■ **INSTRUCTIONS FOR THE TASK**
Each record should be given again exactly as it appears, with no image included.

■ **PROVIDED DATA**
·····

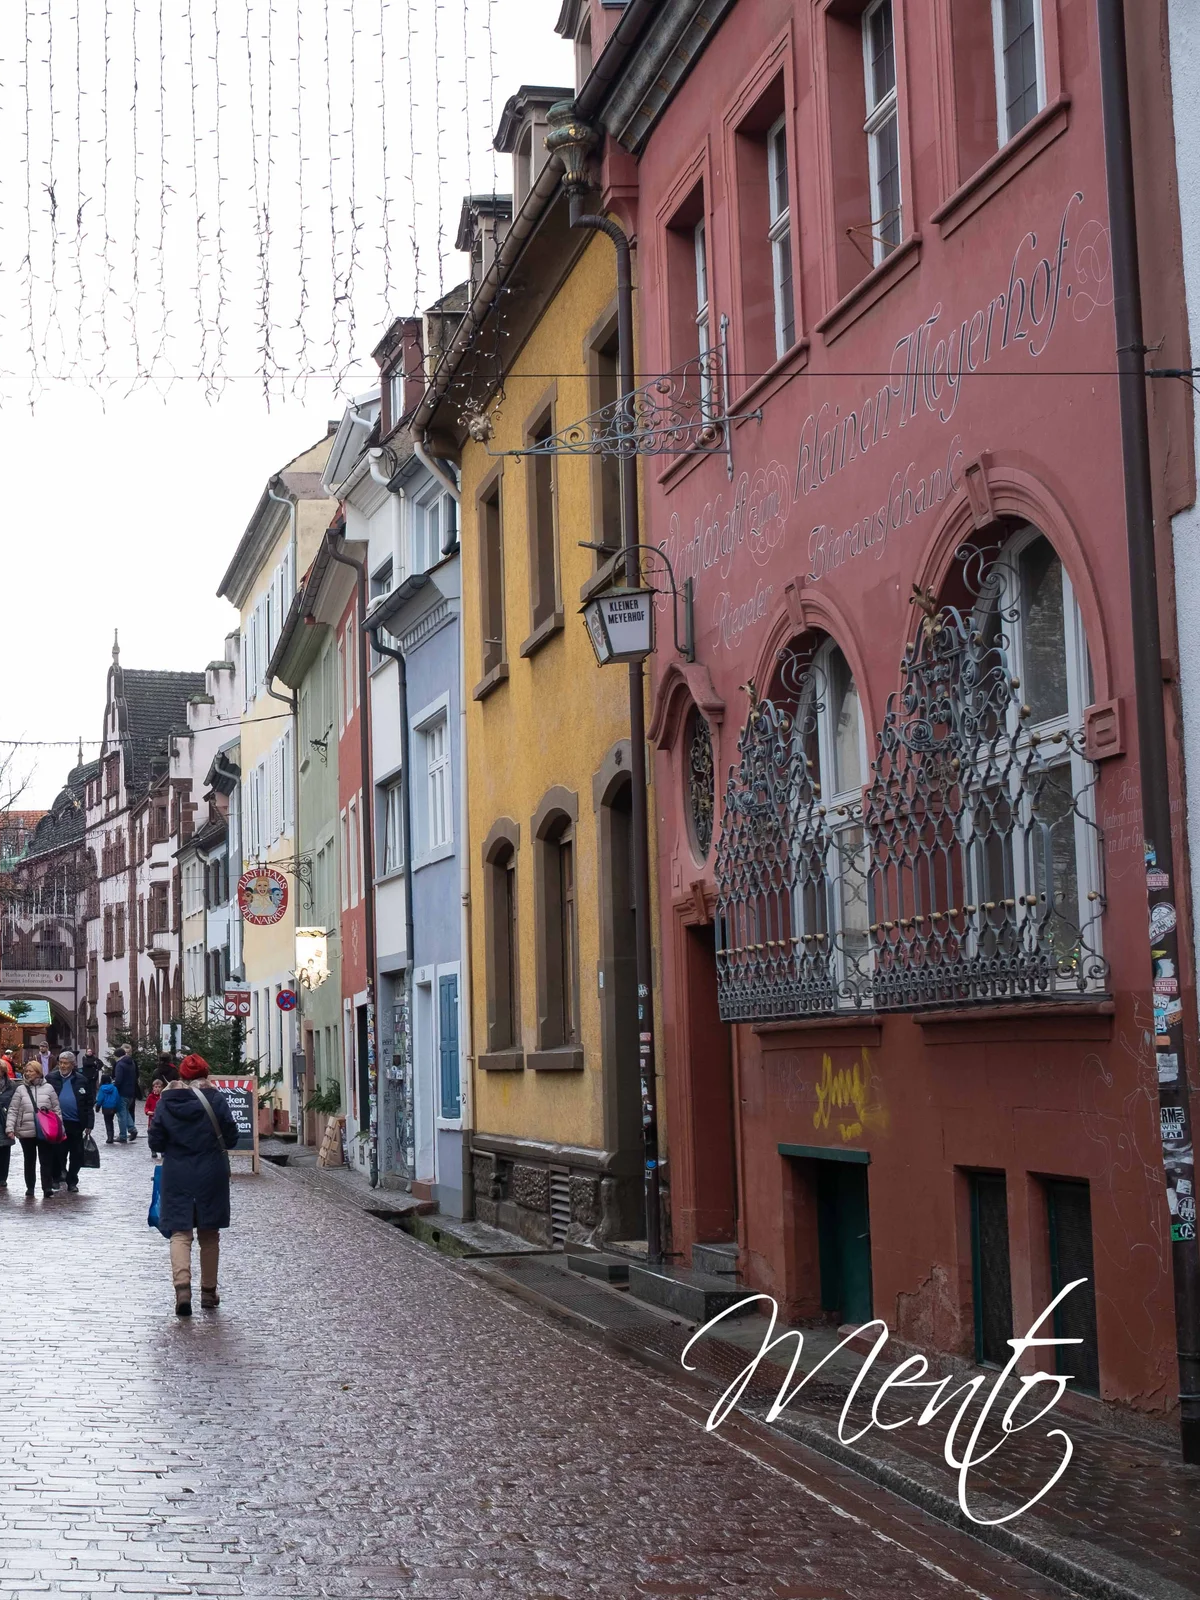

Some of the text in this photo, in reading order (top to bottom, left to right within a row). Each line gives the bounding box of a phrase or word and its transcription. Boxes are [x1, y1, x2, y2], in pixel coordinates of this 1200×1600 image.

[609, 599, 639, 612] KLEINER
[607, 611, 645, 624] MEYERHOF
[238, 869, 287, 890] ZUNFTHAUS
[240, 904, 286, 925] DER NARREN

·····

■ **ANSWER TO THE PROBLEM**
Some of the text in this photo, in reading order (top to bottom, left to right within a row). Each line gives the bounding box of a phrase or word and its transcription. Boxes are [x1, y1, x2, y2], in pixel coordinates of this 1200×1600 image.

[609, 599, 639, 612] KLEINER
[607, 611, 645, 624] MEYERHOF
[238, 869, 287, 890] ZUNFTHAUS
[240, 904, 286, 925] DER NARREN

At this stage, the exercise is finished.